- [Exercise brief]:
Omit the images. Restate all of the records word for word.

- [Exercise data]:
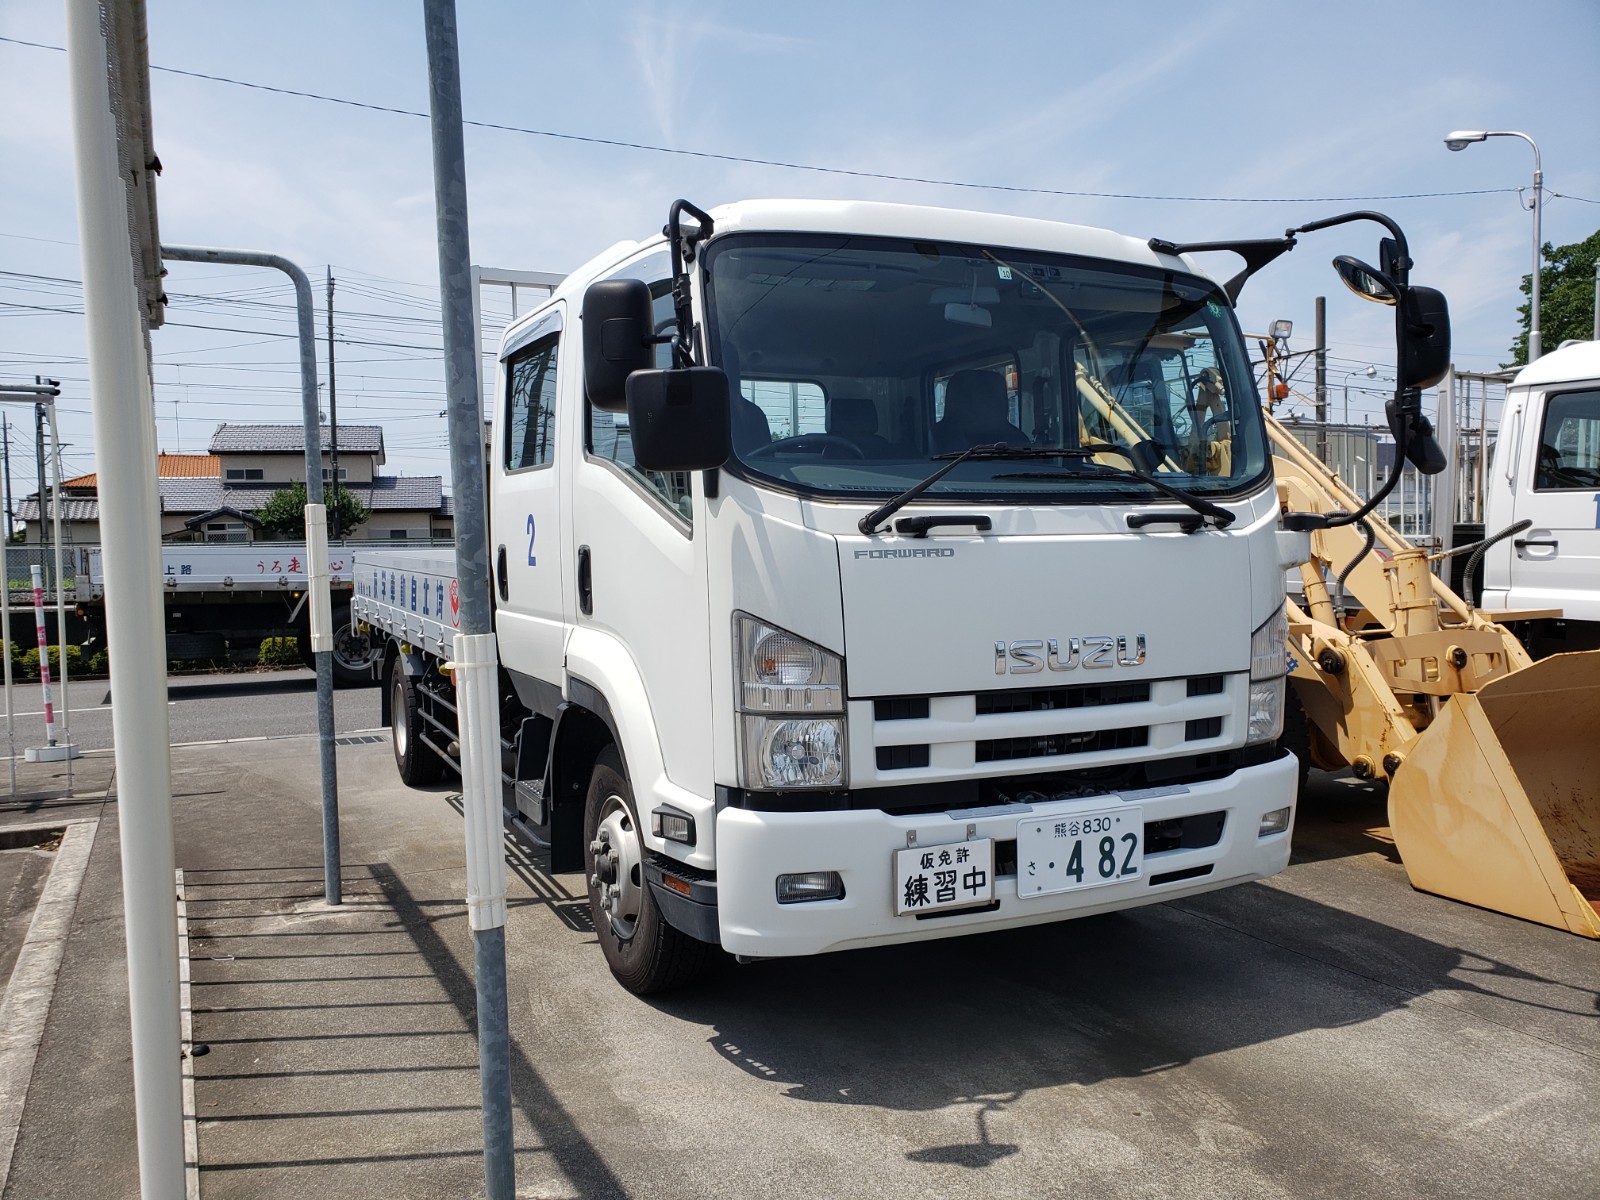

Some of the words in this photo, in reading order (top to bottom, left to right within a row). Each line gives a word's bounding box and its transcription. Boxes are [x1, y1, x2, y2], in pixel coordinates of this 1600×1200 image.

[526, 513, 537, 567] 2
[854, 547, 955, 560] FORWARD
[994, 633, 1147, 675] ISUZU
[920, 847, 970, 870] 仮免許
[1027, 861, 1036, 876] さ
[903, 865, 986, 908] 練習中
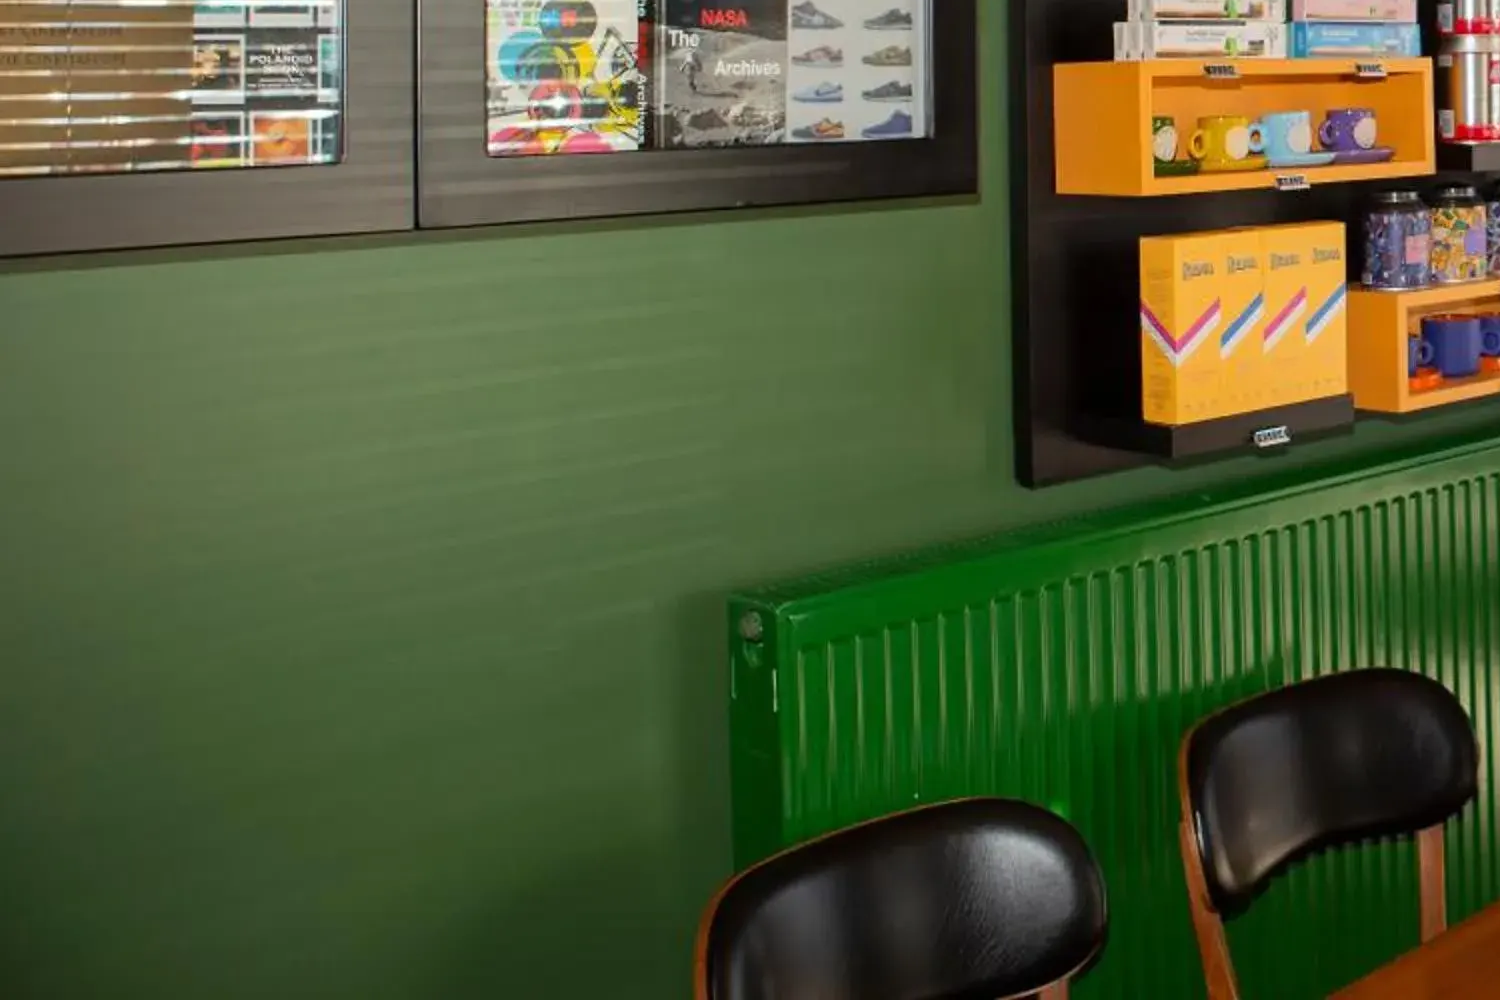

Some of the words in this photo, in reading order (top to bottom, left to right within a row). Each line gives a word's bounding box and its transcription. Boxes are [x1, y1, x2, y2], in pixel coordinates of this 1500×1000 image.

[701, 8, 747, 26] NASA
[668, 29, 700, 47] The
[715, 59, 781, 76] Archives
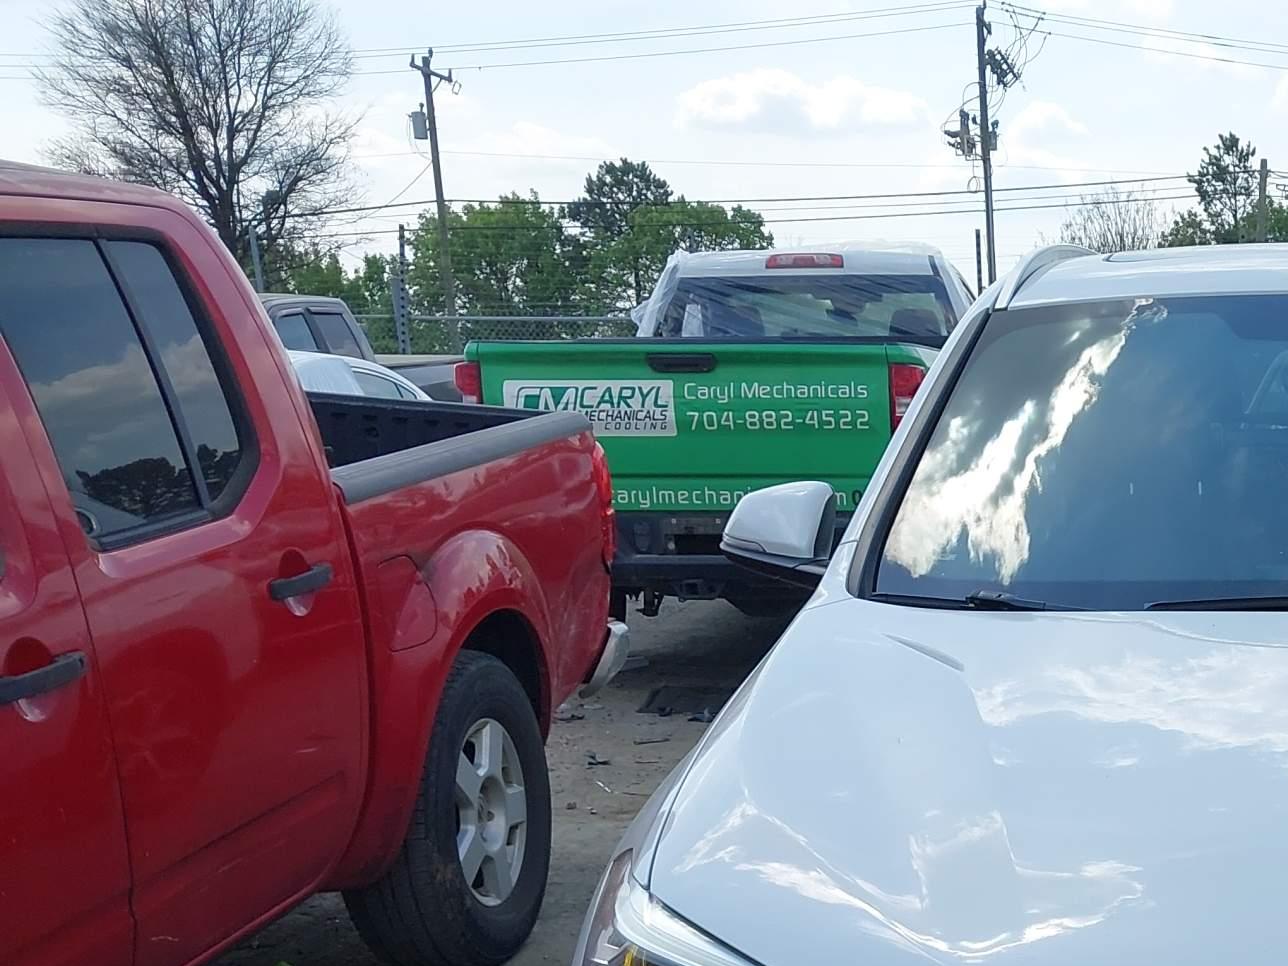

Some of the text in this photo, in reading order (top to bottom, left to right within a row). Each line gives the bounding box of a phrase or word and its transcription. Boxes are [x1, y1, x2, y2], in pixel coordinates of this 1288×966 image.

[579, 386, 669, 409] CARYL
[684, 381, 868, 403] Caryl Mechanicals
[604, 421, 668, 431] COOLING
[685, 410, 870, 430] 704-882-4522

- [Exercise solution]:
Some of the words in this photo, in reading order (top to bottom, left to right within a row). Each line gives a word's bounding box and its transcription. Boxes are [x1, y1, x2, y2], in pixel coordinates of this 1600×1200 image.

[526, 513, 537, 567] 2
[854, 547, 955, 560] FORWARD
[994, 633, 1147, 675] ISUZU
[920, 847, 970, 870] 仮免許
[1027, 861, 1036, 876] さ
[903, 865, 986, 908] 練習中

Some of the words in this photo, in reading order (top to bottom, left to right within a row). Each line gives a word's bounding box and its transcription. Boxes are [x1, y1, x2, y2], in pixel coordinates of this 1500×1000 image.

[701, 8, 747, 26] NASA
[668, 29, 700, 47] The
[715, 59, 781, 76] Archives

Some of the text in this photo, in reading order (top to bottom, left to right within a row). Each line gives the bounding box of a phrase or word and its transcription. Boxes are [x1, y1, x2, y2], in pixel coordinates of this 1288×966 image.

[579, 386, 669, 409] CARYL
[684, 381, 868, 403] Caryl Mechanicals
[604, 421, 668, 431] COOLING
[685, 410, 870, 430] 704-882-4522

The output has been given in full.